Esther Wojcicki is the author of How to Raise Successful People: Simple Lessons for Radical Results. She is vice chair of the Creative Commons advisory council and cofounder of Tract Learning, Inc.

In naming role models I assume we’re thinking of people we would like to emulate in some way. So, while I have a deep appreciation for cabaret singers and cartoonists, what they do is so far afield from my abilities that I don’t think they qualify. And then there are inspiring individuals such as Nelson Mandela whose roles extend so far beyond my own that it also makes no sense to call them my models. There are other people whose work I love, admire and may hope to emulate—their writing, their art, their films—but about whom I know little, which makes me reluctant to hold them up as role models because I’m not really thinking about them as fully realized human beings. Because the truth is, people are complicated and everyone has flaws. I also don’t subscribe to the prevailing presentism, whereby we rigorously apply standards or values that have evolved over time to people in the distant past.

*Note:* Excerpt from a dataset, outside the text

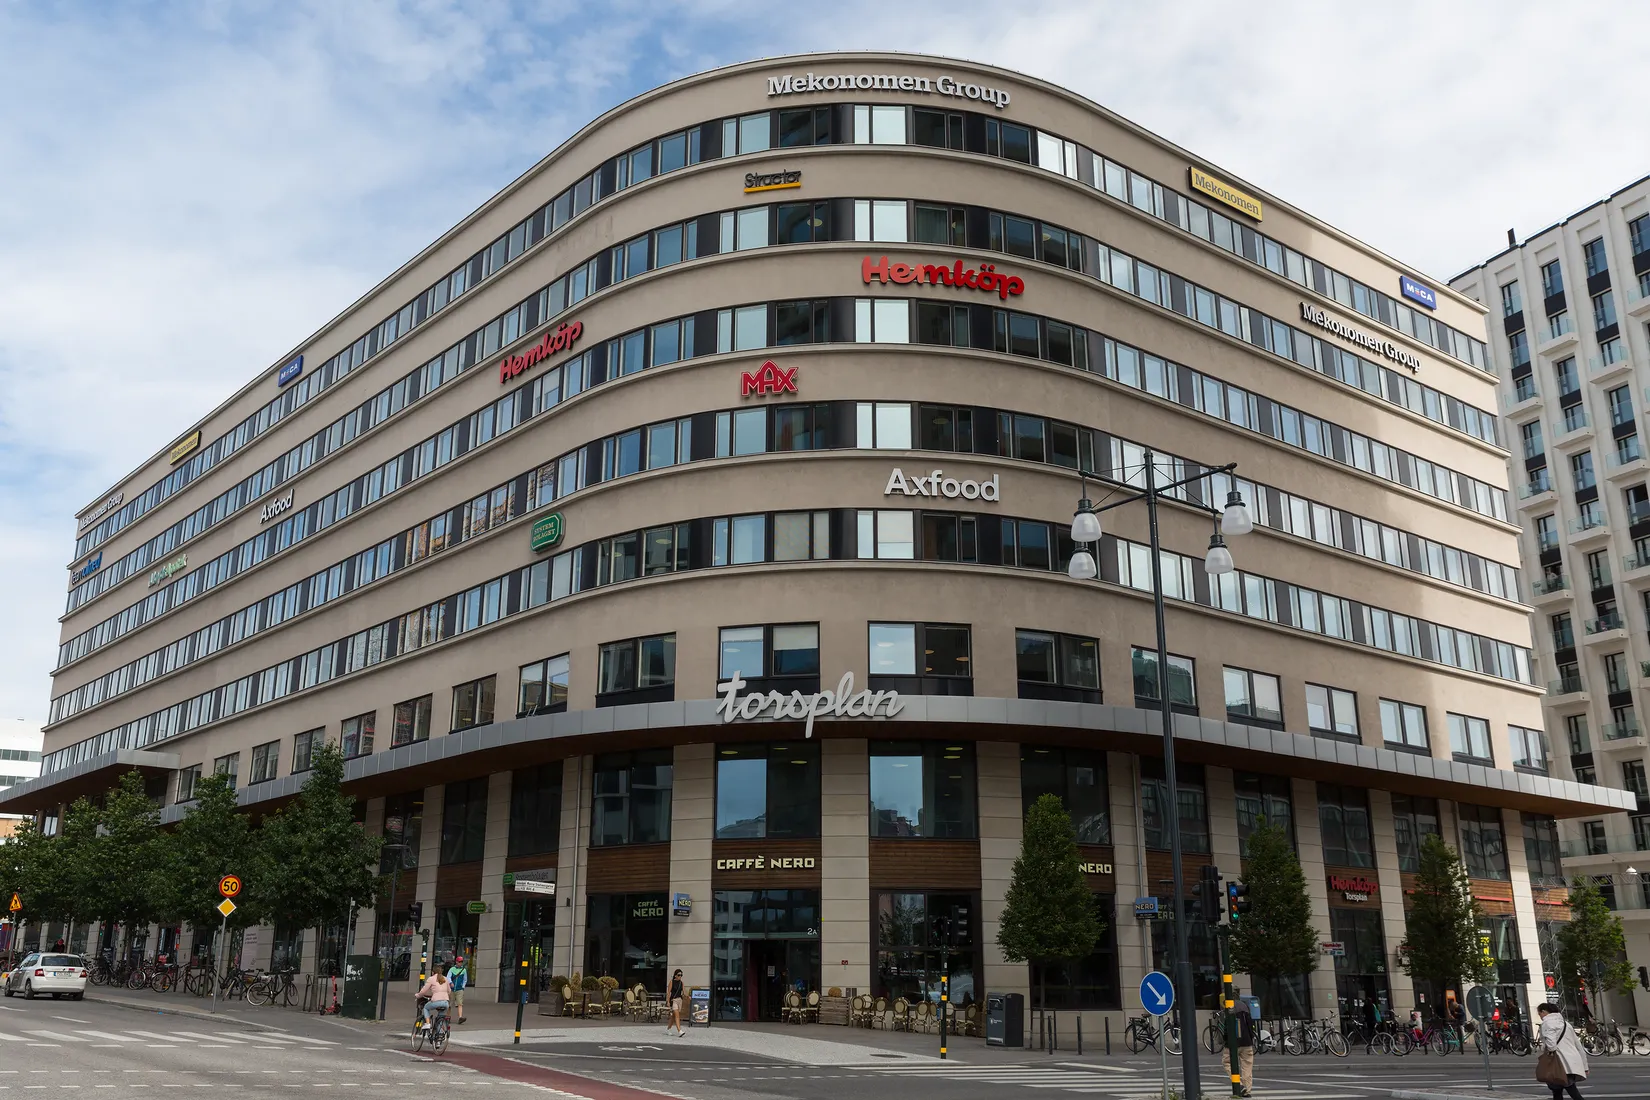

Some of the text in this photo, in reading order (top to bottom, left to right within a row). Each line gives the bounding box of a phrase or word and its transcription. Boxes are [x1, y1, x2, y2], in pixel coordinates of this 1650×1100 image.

All that said, there are certain character traits I really admire: Courage. Independence. Curiosity. Determination. Reason. Clear-headedness. The first person who comes to mind here is Eleanor Roosevelt (1884-1962). She’s someone for whom there were very low expectations, which over time she learned not only to overlook but to defy. This was someone who was quiet and considered reserved, who really learned how to use her voice prolifically as a writer and as a speaker. From our vantage point of 2022, the strong stands she took—on human rights, civil rights, women’s rights—seem basic but at the time were trailblazing. For me, she is one of those figures who stand out, especially when we’re thinking about educating and inspiring young people.

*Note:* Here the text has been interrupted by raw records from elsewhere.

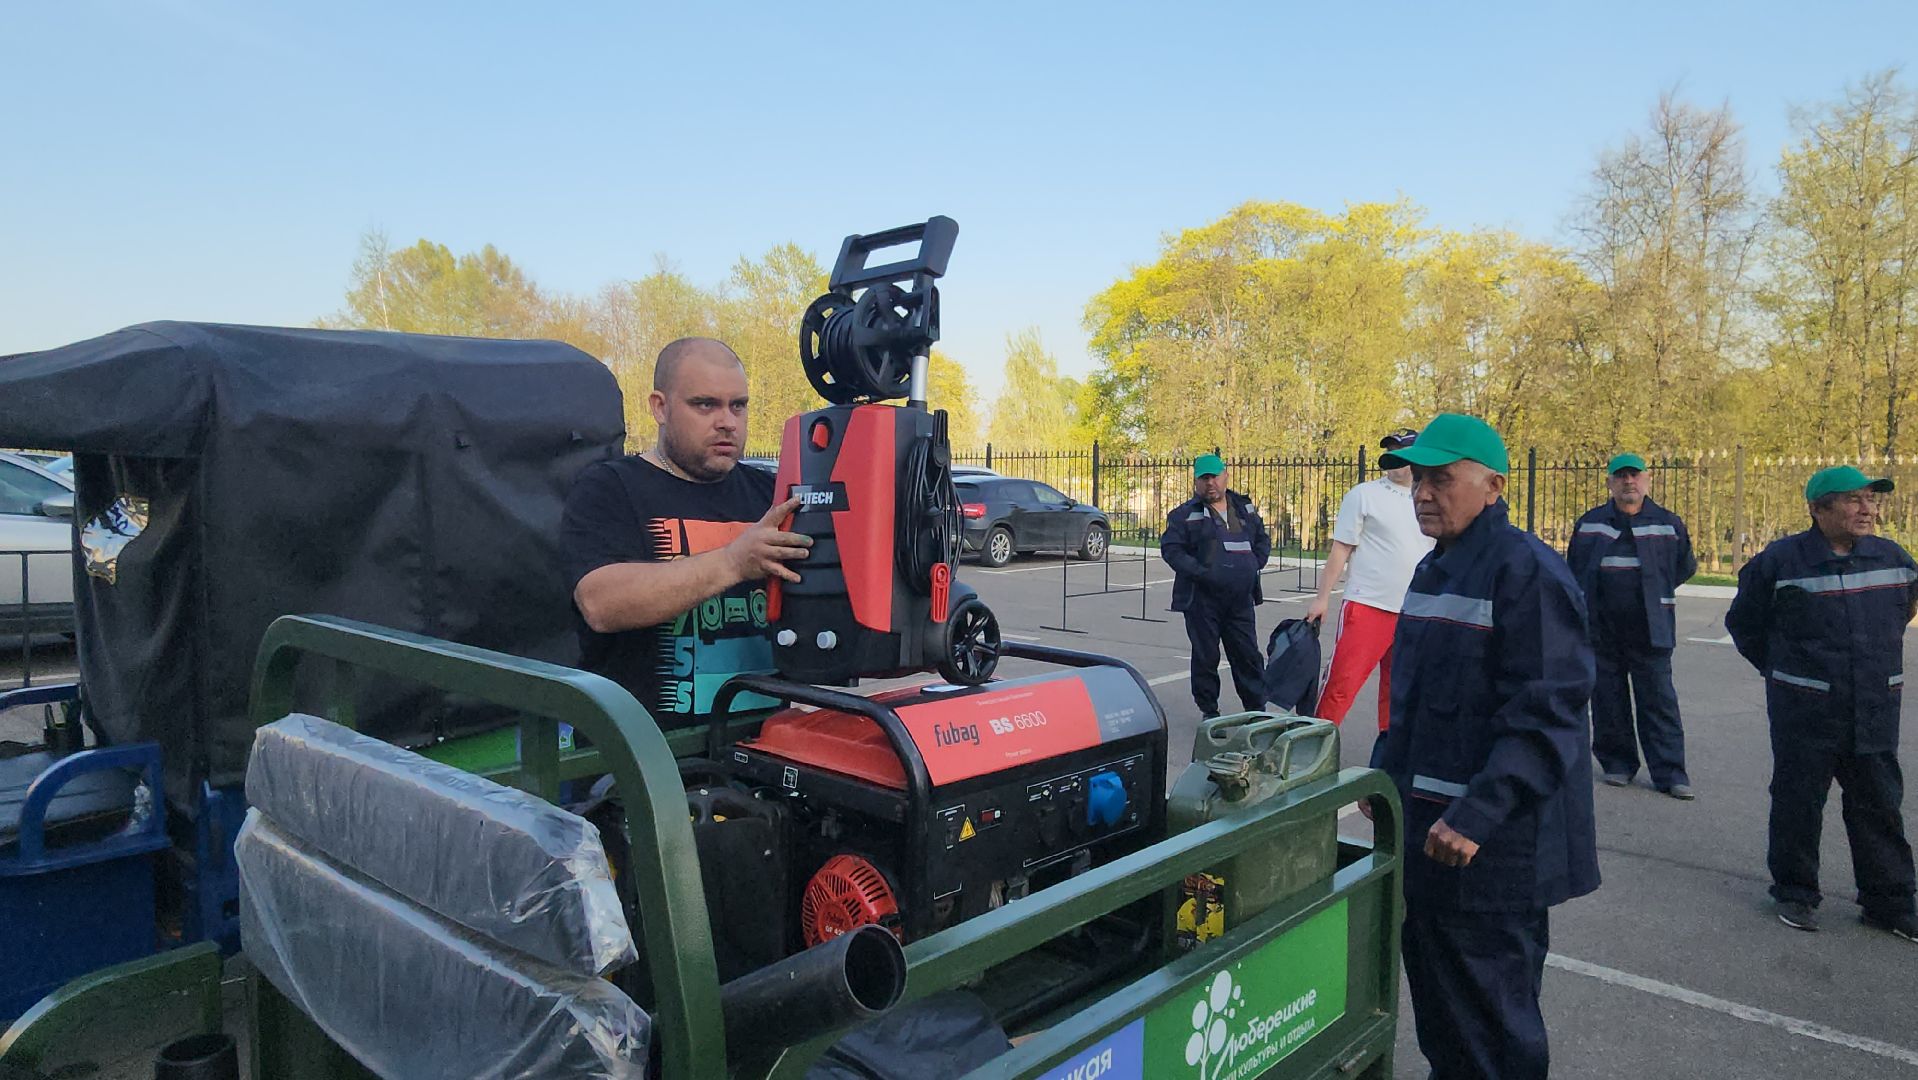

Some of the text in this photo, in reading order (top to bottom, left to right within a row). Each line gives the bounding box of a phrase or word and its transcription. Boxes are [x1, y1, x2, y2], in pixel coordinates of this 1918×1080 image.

[934, 710, 1047, 748] fubag BS 6600
[1211, 988, 1317, 1080] Люберецкие
[1238, 1041, 1279, 1078] КУЛЬТУРЫ
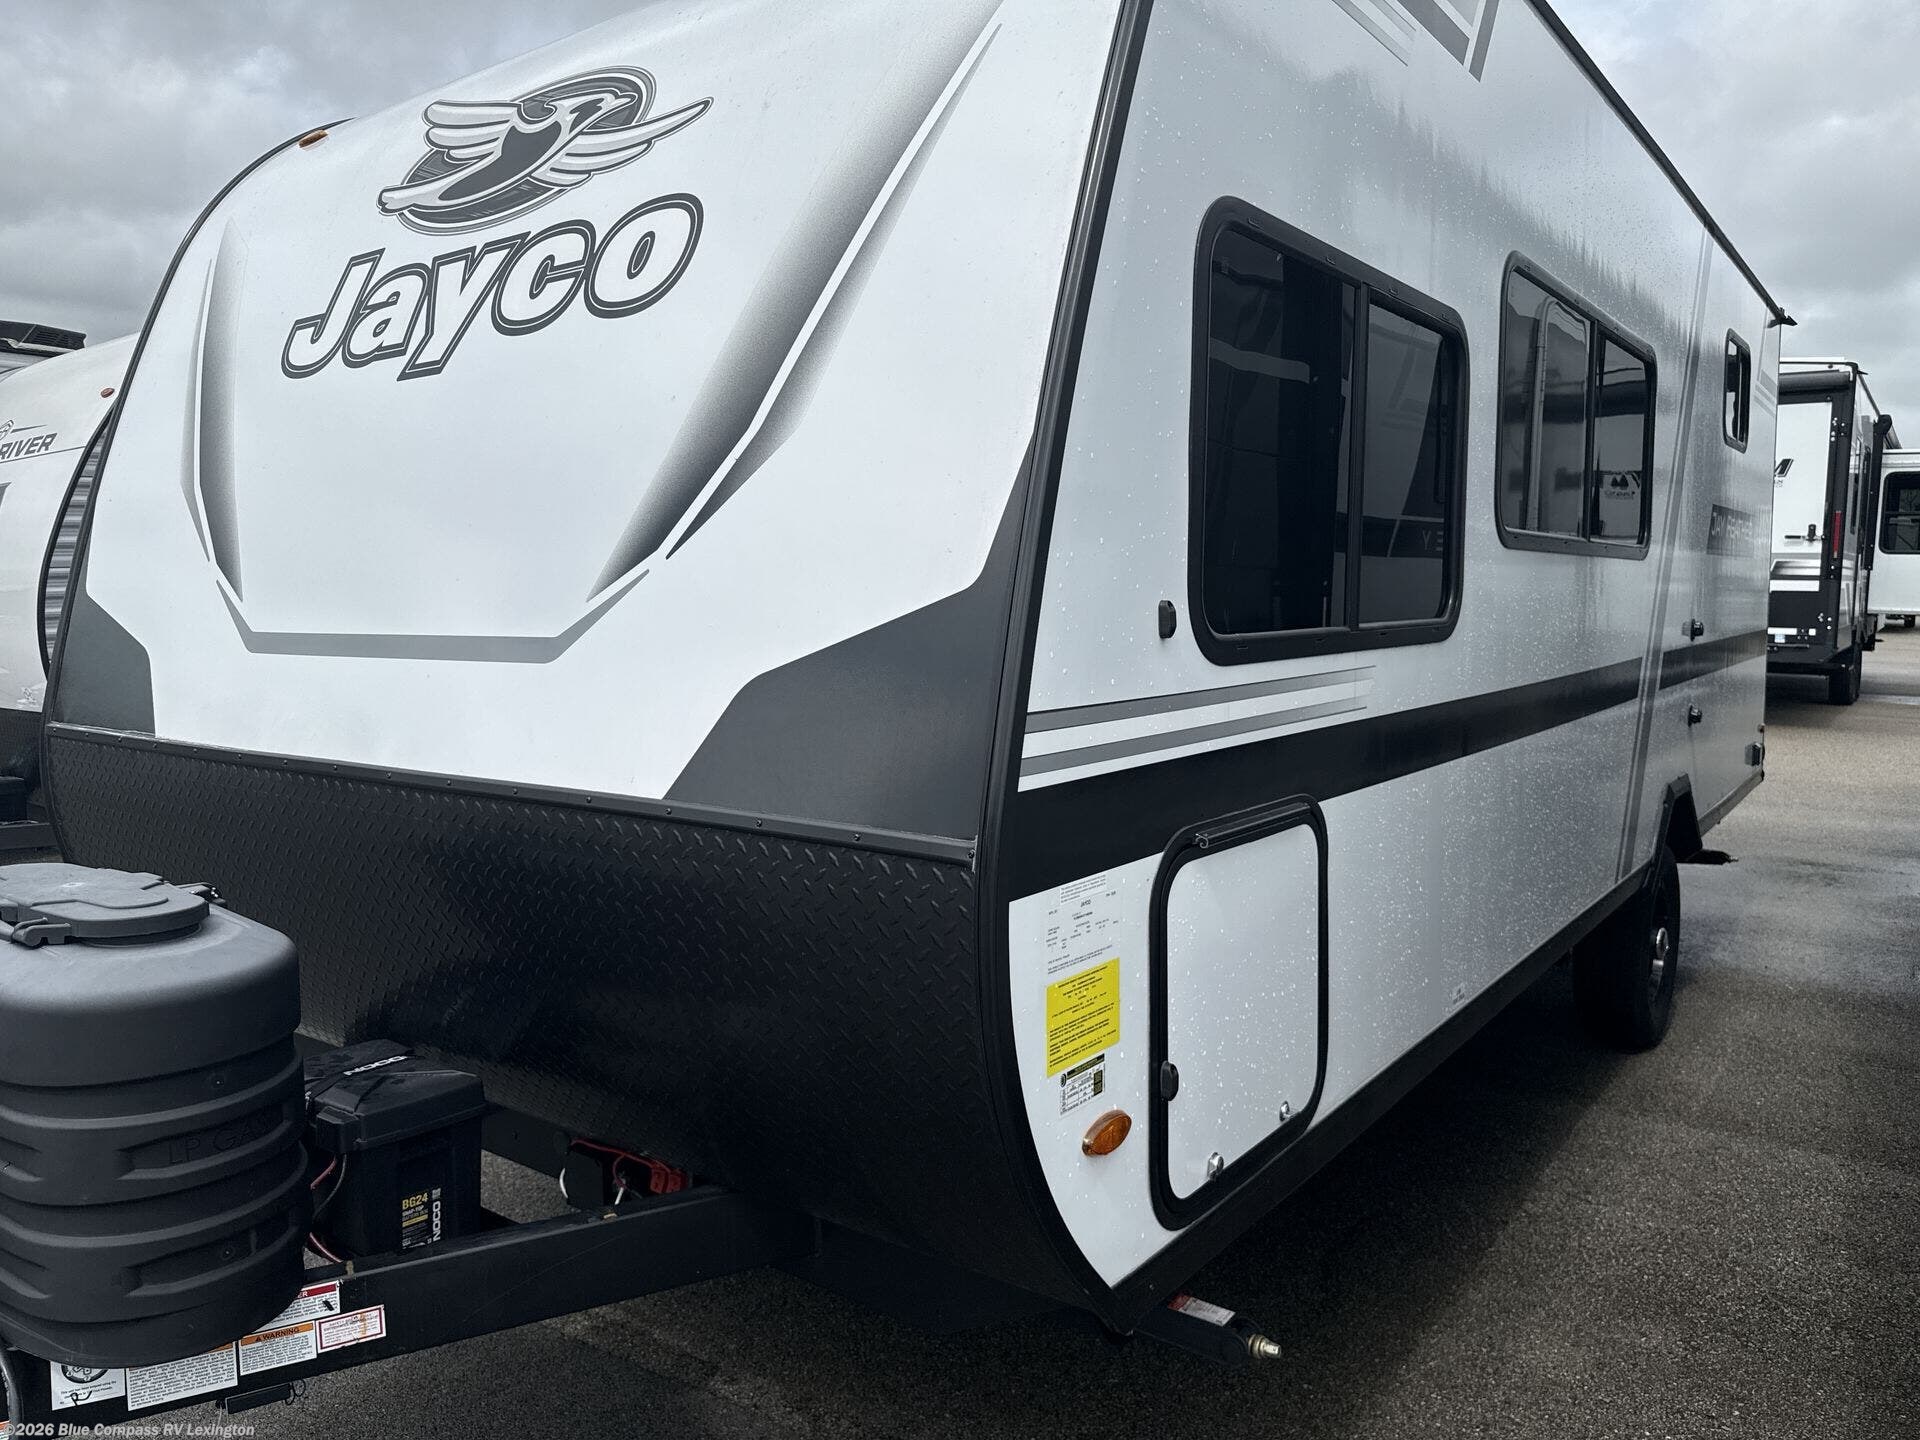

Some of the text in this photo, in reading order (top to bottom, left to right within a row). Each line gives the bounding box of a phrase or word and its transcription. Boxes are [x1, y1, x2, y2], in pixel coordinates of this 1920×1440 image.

[0, 432, 57, 460] RIVER
[402, 1192, 428, 1210] BG24
[432, 1200, 441, 1242] NOCO
[262, 1327, 300, 1340] WARNING

Another person I’ve been thinking about recently (having just read a book in which she played a part) is Dorothy Thompson (1893-1961). As a woman, as a journalist and as a foreign correspondent she was outspoken and fearless in taking stances, most notably raising awareness about the Holocaust when the United States was ignoring it. She also said racist things and may have even been an out-and-out racist—I don’t know enough about her biography and everything she’s written to say definitively. This is an example of those caveats above.

Someone I know personally and admire enormously is Robert Gottlieb (b. 1931). He’s been the editor-in-chief at Simon & Schuster, Alfred A. Knopf, and The New Yorker and has written a number of books himself. The consummate editor and supporter of writers, Gottlieb reads everything and approaches books with an open mind that I find increasingly rare. At 91, he’s still writing, still editing, still reading, still thinking. He’s just endlessly curious and is also a delightful human being.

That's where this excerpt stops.